DATA FOR ANALYSIS below:
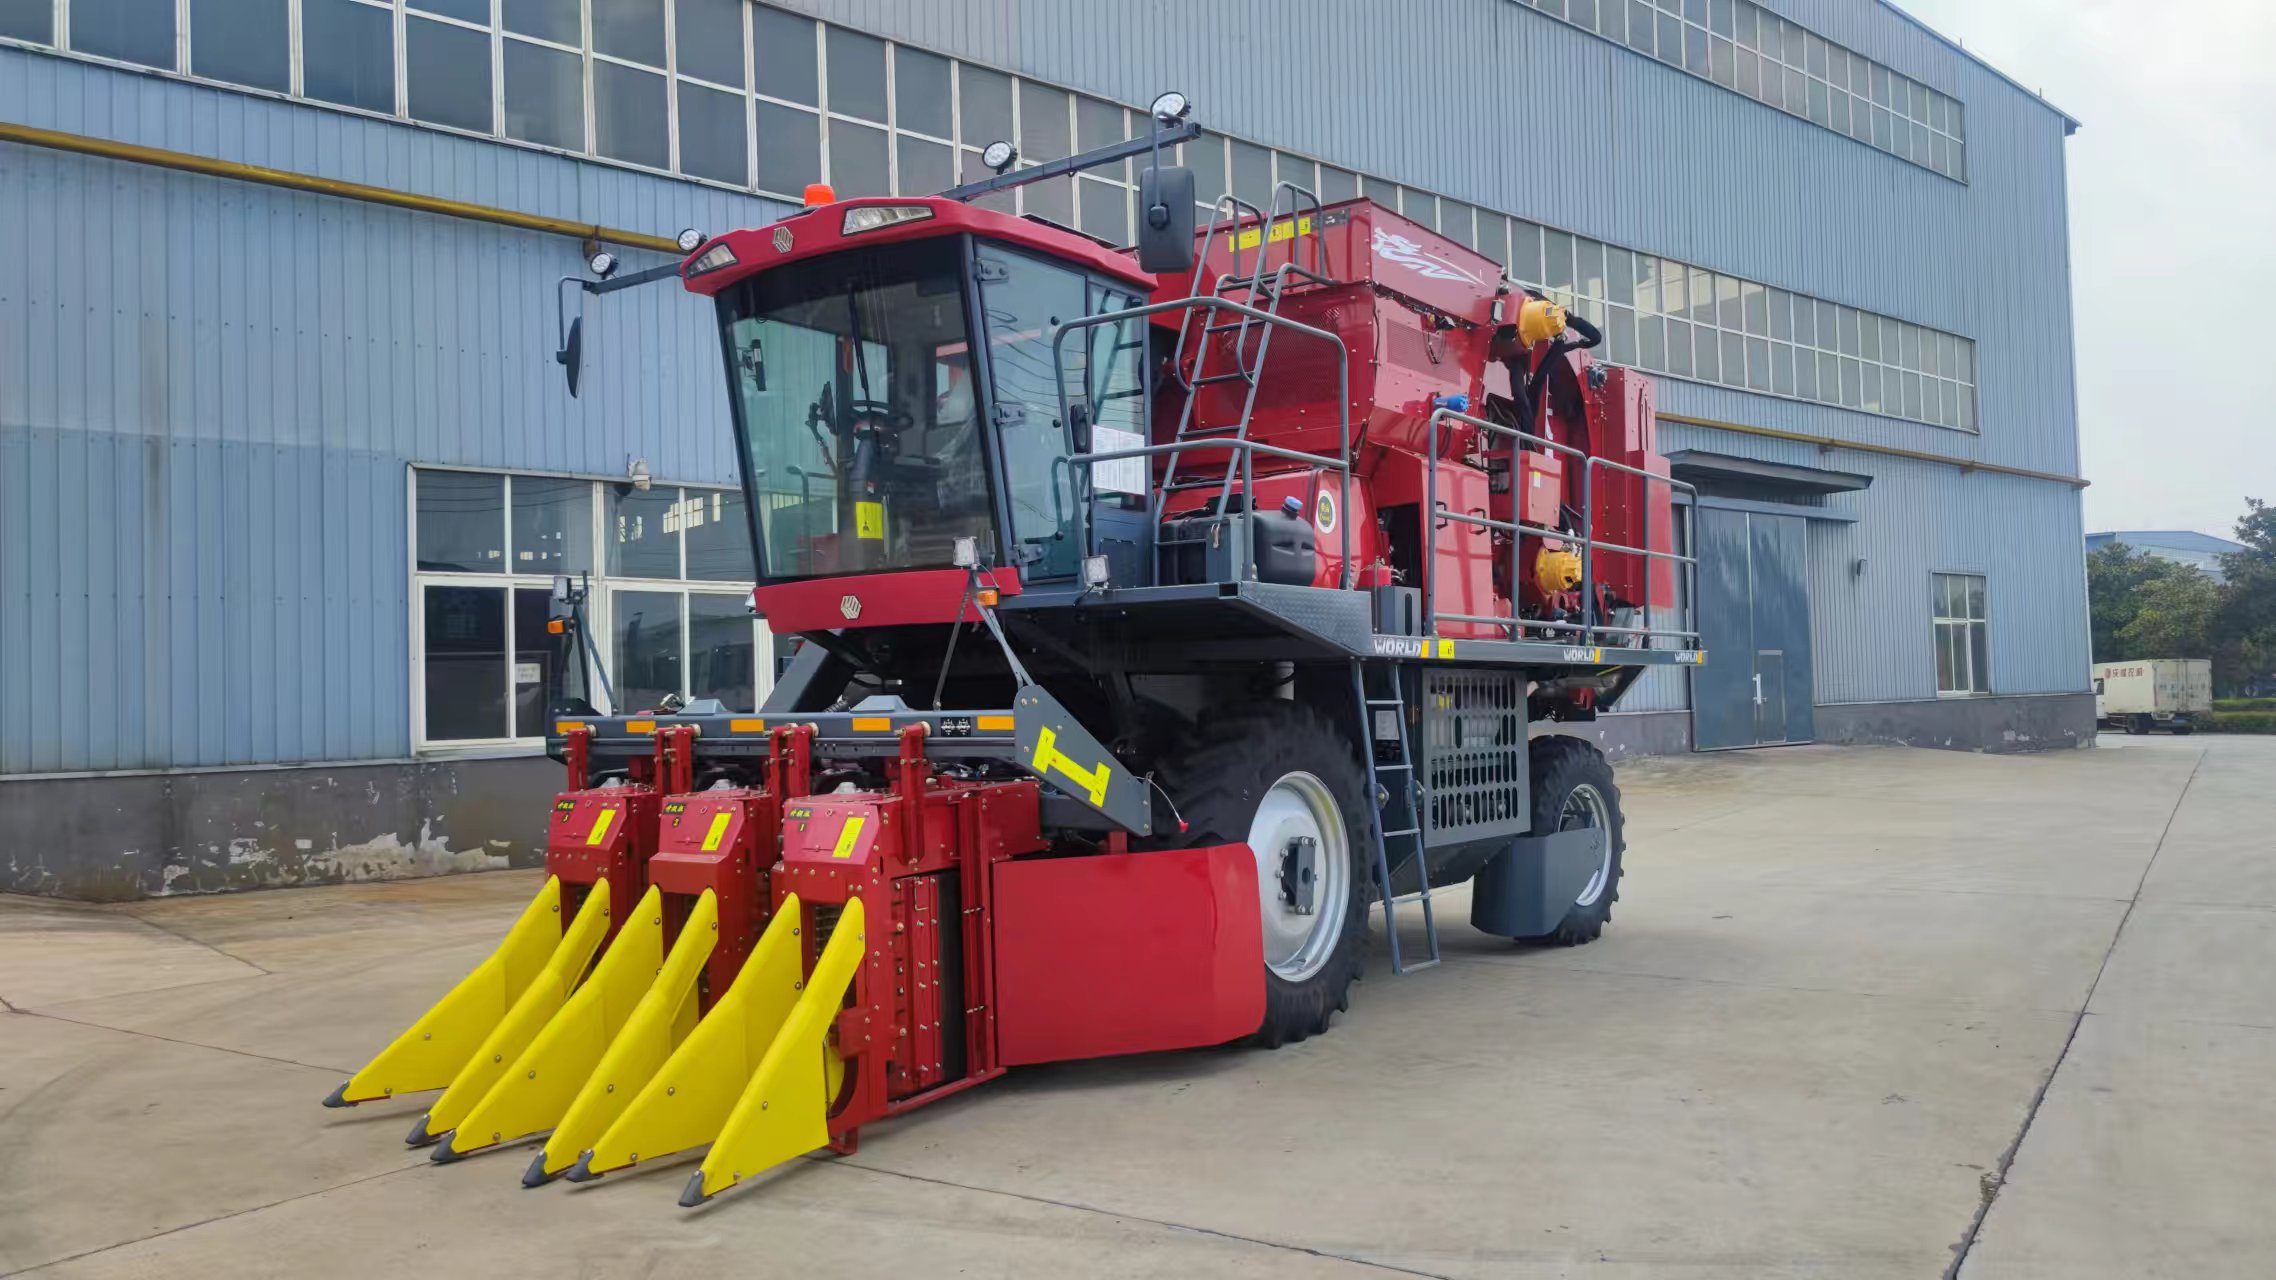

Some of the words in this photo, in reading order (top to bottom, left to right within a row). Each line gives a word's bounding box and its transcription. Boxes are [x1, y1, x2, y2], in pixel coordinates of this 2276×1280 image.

[1373, 639, 1421, 657] WORLD
[1563, 648, 1595, 662] WORLD
[1674, 651, 1698, 664] WORLD
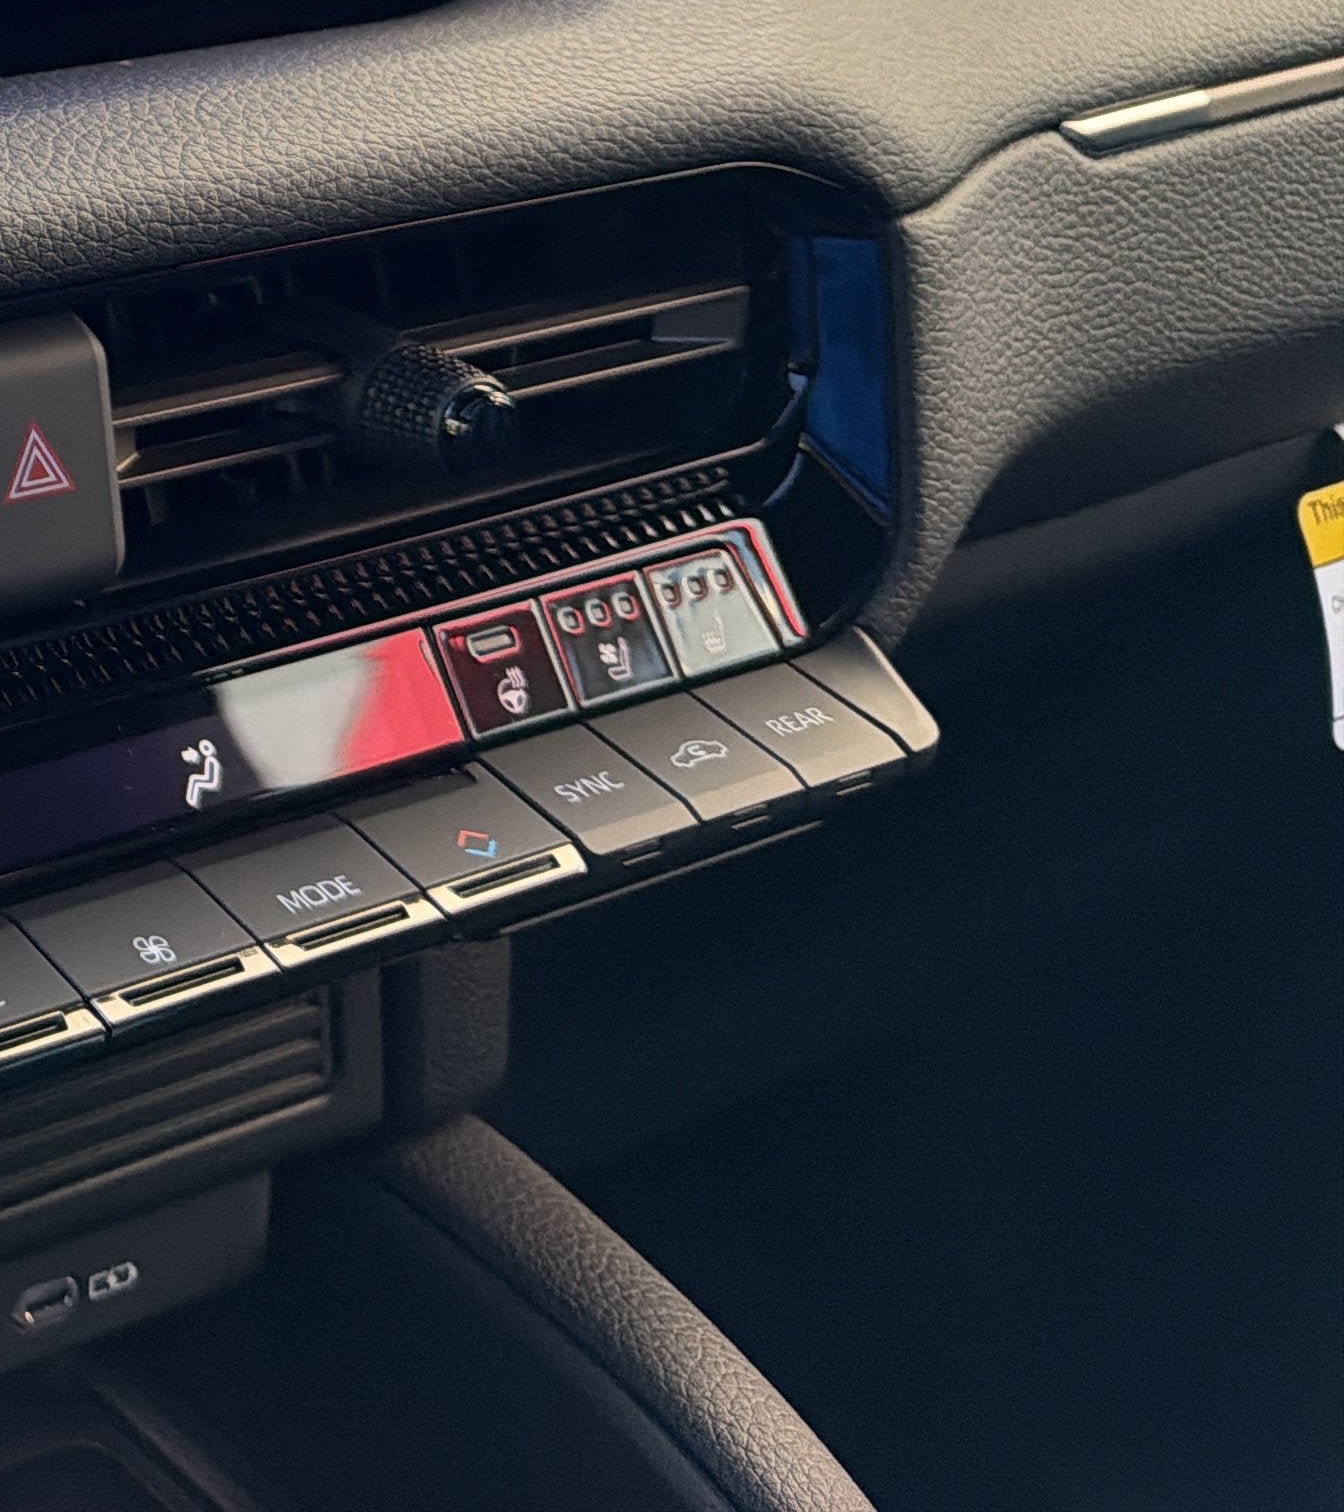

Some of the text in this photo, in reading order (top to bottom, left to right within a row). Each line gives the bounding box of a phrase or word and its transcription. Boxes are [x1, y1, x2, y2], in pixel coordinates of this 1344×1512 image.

[764, 705, 835, 738] REAR
[553, 770, 625, 805] SYNC
[276, 873, 362, 916] MODE
End of DATA FOR ANALYSIS.
**EXERCISE DETAILS:** A word-for-word restatement of all the lines above is needed, with the pictures omitted.

**WRITTEN ANSWER:**
Some of the words in this photo, in reading order (top to bottom, left to right within a row). Each line gives a word's bounding box and its transcription. Boxes are [x1, y1, x2, y2], in pixel coordinates of this 2276×1280 image.

[1373, 639, 1421, 657] WORLD
[1563, 648, 1595, 662] WORLD
[1674, 651, 1698, 664] WORLD

Some of the text in this photo, in reading order (top to bottom, left to right within a row). Each line gives the bounding box of a phrase or word and its transcription. Boxes are [x1, y1, x2, y2], in pixel coordinates of this 1344×1512 image.

[764, 705, 835, 738] REAR
[553, 770, 625, 805] SYNC
[276, 873, 362, 916] MODE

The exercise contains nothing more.